SUMMARY OF THE INVENTION
[0011] The present invention is directed to systems and
electronic-based packages or modules that more effectively and
efficiently mitigate temperature effects in 3-D "chip" packages.
More particularly, the invention can provide enhanced heat
dissipation in both the GaN and Si layers of a stacked-layer
integrated device. Accordingly, the invention can enable the
operation of such devices without undue temperature constraints
that otherwise result from temperature-based degradation in the Si
layer.
[0012] One embodiment of the invention is a multi-layer heatsink
module for effecting temperature control in a 3-D integrated chip.

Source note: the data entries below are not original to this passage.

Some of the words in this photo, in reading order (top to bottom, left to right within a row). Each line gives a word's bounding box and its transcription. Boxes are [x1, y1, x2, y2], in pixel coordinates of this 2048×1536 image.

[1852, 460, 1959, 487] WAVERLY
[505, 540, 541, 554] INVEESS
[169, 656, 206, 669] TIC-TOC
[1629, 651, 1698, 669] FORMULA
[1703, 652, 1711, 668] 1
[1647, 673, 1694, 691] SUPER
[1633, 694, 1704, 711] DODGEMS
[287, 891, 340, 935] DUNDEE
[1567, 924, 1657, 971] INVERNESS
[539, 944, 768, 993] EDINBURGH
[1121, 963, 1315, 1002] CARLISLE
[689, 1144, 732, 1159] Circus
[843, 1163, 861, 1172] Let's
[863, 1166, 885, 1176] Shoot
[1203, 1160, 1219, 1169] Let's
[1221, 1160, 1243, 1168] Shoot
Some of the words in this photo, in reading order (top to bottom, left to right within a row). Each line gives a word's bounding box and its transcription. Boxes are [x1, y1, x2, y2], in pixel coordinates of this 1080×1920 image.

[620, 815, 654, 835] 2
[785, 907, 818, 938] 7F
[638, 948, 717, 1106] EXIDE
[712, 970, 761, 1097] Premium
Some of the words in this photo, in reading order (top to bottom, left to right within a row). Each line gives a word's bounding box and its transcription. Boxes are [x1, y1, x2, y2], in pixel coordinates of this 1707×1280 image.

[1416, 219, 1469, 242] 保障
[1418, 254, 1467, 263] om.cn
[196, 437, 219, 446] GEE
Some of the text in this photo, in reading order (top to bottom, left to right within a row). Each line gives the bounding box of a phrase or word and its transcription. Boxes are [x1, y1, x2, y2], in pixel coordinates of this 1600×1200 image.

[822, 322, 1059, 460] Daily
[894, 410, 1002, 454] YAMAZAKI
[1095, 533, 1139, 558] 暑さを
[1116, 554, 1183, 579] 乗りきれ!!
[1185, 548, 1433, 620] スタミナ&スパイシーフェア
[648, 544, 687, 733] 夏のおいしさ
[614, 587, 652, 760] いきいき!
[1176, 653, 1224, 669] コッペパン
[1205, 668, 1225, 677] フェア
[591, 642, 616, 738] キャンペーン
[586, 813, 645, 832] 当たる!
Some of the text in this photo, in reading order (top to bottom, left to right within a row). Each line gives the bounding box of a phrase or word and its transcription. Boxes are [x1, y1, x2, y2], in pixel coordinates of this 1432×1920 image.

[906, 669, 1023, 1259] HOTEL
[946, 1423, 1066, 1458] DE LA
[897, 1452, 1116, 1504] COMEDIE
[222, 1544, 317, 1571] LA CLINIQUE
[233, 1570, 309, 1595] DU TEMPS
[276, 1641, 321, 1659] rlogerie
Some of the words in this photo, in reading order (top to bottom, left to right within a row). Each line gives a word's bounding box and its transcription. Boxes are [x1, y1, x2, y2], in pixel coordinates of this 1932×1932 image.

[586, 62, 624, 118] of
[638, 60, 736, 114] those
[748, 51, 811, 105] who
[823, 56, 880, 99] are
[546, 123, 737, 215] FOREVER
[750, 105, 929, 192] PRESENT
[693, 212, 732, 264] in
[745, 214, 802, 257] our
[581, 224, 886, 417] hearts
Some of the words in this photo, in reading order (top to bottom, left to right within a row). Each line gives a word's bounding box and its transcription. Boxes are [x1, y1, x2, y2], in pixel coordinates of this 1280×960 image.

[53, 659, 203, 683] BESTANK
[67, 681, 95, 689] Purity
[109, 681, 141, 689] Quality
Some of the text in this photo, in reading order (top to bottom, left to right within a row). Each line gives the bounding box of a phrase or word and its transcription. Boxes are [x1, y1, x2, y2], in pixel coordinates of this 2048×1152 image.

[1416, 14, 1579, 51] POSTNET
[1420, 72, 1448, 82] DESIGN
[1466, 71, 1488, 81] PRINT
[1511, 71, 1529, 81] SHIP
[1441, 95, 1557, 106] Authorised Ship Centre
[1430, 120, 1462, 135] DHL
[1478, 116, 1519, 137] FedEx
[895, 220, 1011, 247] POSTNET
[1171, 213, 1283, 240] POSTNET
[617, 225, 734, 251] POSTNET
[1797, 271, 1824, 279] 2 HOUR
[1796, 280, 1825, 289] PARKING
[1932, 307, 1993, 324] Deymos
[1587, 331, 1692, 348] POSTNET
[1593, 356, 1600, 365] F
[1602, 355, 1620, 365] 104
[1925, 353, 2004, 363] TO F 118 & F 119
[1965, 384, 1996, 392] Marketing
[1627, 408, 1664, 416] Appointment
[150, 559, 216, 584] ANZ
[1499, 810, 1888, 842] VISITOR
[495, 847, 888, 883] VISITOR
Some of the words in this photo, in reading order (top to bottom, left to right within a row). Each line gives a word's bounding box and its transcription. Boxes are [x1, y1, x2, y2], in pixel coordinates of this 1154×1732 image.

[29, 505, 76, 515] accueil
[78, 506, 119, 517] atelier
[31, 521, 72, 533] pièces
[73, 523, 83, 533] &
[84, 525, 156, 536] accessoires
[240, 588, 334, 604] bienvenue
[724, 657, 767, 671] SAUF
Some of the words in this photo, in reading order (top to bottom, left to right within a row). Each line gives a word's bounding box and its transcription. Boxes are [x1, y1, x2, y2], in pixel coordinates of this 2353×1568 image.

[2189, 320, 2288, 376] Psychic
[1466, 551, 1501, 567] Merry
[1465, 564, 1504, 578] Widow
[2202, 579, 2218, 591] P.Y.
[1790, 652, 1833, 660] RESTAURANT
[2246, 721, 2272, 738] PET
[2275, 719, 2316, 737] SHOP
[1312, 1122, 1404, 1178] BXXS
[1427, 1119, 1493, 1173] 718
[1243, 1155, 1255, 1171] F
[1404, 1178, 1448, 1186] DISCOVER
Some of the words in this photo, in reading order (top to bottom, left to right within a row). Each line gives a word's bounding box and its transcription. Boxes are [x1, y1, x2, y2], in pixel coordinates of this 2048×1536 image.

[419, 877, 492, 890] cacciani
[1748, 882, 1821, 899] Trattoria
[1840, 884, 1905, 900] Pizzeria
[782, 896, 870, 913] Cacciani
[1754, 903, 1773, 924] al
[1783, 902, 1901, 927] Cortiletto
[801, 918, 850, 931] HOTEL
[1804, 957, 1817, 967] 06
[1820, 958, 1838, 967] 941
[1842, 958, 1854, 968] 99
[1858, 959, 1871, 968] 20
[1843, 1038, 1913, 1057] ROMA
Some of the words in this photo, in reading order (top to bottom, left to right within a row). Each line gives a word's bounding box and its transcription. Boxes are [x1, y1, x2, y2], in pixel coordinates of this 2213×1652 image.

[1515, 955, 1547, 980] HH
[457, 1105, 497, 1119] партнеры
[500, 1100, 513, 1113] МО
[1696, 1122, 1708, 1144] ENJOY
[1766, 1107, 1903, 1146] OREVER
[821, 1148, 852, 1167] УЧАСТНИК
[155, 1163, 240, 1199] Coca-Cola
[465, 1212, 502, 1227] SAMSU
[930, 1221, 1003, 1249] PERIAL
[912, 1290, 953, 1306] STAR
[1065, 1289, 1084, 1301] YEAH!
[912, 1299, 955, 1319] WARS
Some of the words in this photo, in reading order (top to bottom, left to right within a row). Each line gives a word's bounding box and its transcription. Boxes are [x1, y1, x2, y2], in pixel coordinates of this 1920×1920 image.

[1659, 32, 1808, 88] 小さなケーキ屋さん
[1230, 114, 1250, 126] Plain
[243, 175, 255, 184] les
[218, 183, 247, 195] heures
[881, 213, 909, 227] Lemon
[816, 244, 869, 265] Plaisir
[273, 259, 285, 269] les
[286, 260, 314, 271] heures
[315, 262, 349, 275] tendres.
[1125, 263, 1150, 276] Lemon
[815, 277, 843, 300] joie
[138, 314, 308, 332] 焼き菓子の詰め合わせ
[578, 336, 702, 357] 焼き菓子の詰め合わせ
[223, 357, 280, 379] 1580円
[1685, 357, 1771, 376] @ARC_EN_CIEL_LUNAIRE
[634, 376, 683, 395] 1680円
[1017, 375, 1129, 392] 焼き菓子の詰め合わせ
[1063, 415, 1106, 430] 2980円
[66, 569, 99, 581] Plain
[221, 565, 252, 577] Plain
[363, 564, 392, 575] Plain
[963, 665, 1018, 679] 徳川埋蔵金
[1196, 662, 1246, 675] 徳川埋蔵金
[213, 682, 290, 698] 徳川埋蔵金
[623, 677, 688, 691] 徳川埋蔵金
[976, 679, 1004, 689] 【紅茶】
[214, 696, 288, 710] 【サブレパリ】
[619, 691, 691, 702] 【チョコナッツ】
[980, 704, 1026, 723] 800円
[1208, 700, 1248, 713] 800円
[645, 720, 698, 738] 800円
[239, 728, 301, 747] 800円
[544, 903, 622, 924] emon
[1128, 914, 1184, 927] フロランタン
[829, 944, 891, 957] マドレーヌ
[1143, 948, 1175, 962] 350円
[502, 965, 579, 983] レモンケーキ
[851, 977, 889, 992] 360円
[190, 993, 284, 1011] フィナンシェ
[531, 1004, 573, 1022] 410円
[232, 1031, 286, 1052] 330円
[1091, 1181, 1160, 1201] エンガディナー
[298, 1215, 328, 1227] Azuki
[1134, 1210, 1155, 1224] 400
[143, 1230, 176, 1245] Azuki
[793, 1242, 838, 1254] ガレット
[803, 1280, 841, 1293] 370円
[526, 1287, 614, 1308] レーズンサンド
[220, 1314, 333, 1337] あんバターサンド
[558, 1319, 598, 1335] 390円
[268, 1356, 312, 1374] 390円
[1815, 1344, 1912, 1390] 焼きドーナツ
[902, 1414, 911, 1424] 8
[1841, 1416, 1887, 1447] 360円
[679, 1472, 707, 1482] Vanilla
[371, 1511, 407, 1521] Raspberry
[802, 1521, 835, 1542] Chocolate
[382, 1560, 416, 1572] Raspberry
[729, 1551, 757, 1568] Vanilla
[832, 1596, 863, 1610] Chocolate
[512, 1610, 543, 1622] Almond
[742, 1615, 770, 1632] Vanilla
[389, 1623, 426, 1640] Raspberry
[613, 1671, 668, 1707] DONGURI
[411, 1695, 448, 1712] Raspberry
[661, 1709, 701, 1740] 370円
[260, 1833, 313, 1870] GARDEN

The module can include a high thermal conductivity substrate having
first and second opposing sides. A gallium nitride (GaN) layer can
be disposed on the first side of the substrate. An integrated array
of passive and active elements defining electronic circuitry can be
formed in the GaN layer. A metal ground plane can be disposed on
the second side of the substrate, the metal ground plane having
first and second opposing sides, with the first side of the ground
plane being adjacent to the second side of the substrate. A
dielectric layer of low thermal dielectric material can be
deposited on the back side of the ground plane. A metal heatsink
can be bonded to the dielectric layer. At least one via can extend
through the dielectric layer from the metal heatsink to the metal
ground plane.
[0013] Another embodiment of the invention is a communications
module. The module can include a semiconductor substrate having
first and second opposing sides. A baseband layer comprising
baseband circuitry and an RF layer adjacent the baseband layer
comprising RF circuitry can be formed within the substrate. A GaN
layer can be disposed on the first side of the substrate, and at
least one power amplifier can be formed within the GaN layer. A
metal ground plane having first and second opposing sides can be
disposed on the second side of the substrate, the first side of the
ground plane being adjacent to the second side of the substrate. A
dielectric layer of low thermal dielectric material can be
deposited on the back side of the ground plane. An dual-function
heatsink-antenna structure can be bonded to the dielectric layer,
and at least one via can extend from the dual-function
heatsink-antenna structure through the dielectric layer to the
metal ground plane.
[0014] Yet another embodiment is a data processing module. The data
processing module can include a semiconductor substrate having
first and second opposing sides. An integrated array of passive and
active elements comprising data processing circuitry defining a
central processing unit (CPU) can be formed in the substrate. A GaN
layer can be disposed on the first side of the substrate. At least
one power amplifier can be formed within the GaN layer. A metal
ground plane can be disposed on the second side of the substrate,
the ground plane also having first and second opposing sides. The
first side of the ground plane can be positioned adjacent the
second side of the substrate. A dielectric layer of low thermal
dielectric material can be deposited on the back side of the ground
plane, and a metal ground plane can be bonded to the dielectric
layer. At least one via can extend through the ground plane and
dielectric layer to the semiconductor substrate for optionally and
selectively connecting the central processing unit to an external
component.
[0015] According to still another embodiment, a data processing
module can include a first ground plane connected to a first side
of a substrate in which circuitry defining a CPU is formed. A GaN
layer including at least one power amplifier formed therein can be
connected to an opposing side of the substrate. A dielectric layer
can be deposited on the first ground plane and a second ground
plane bonded to the dielectric layer. A heatsink can be connected
to the second ground plane.
BRIEF DESCRIPTION OF THE DRAWINGS
[0016] There are shown in the drawings, embodiments which are
presently preferred. It is noted, however, that the invention is
not limited to the precise arrangements and instrumentalities shown
in the drawings.
[0017] FIG. 1 is a cross-sectional view of a multi-layer heatsink
module, according to one embodiment of the invention.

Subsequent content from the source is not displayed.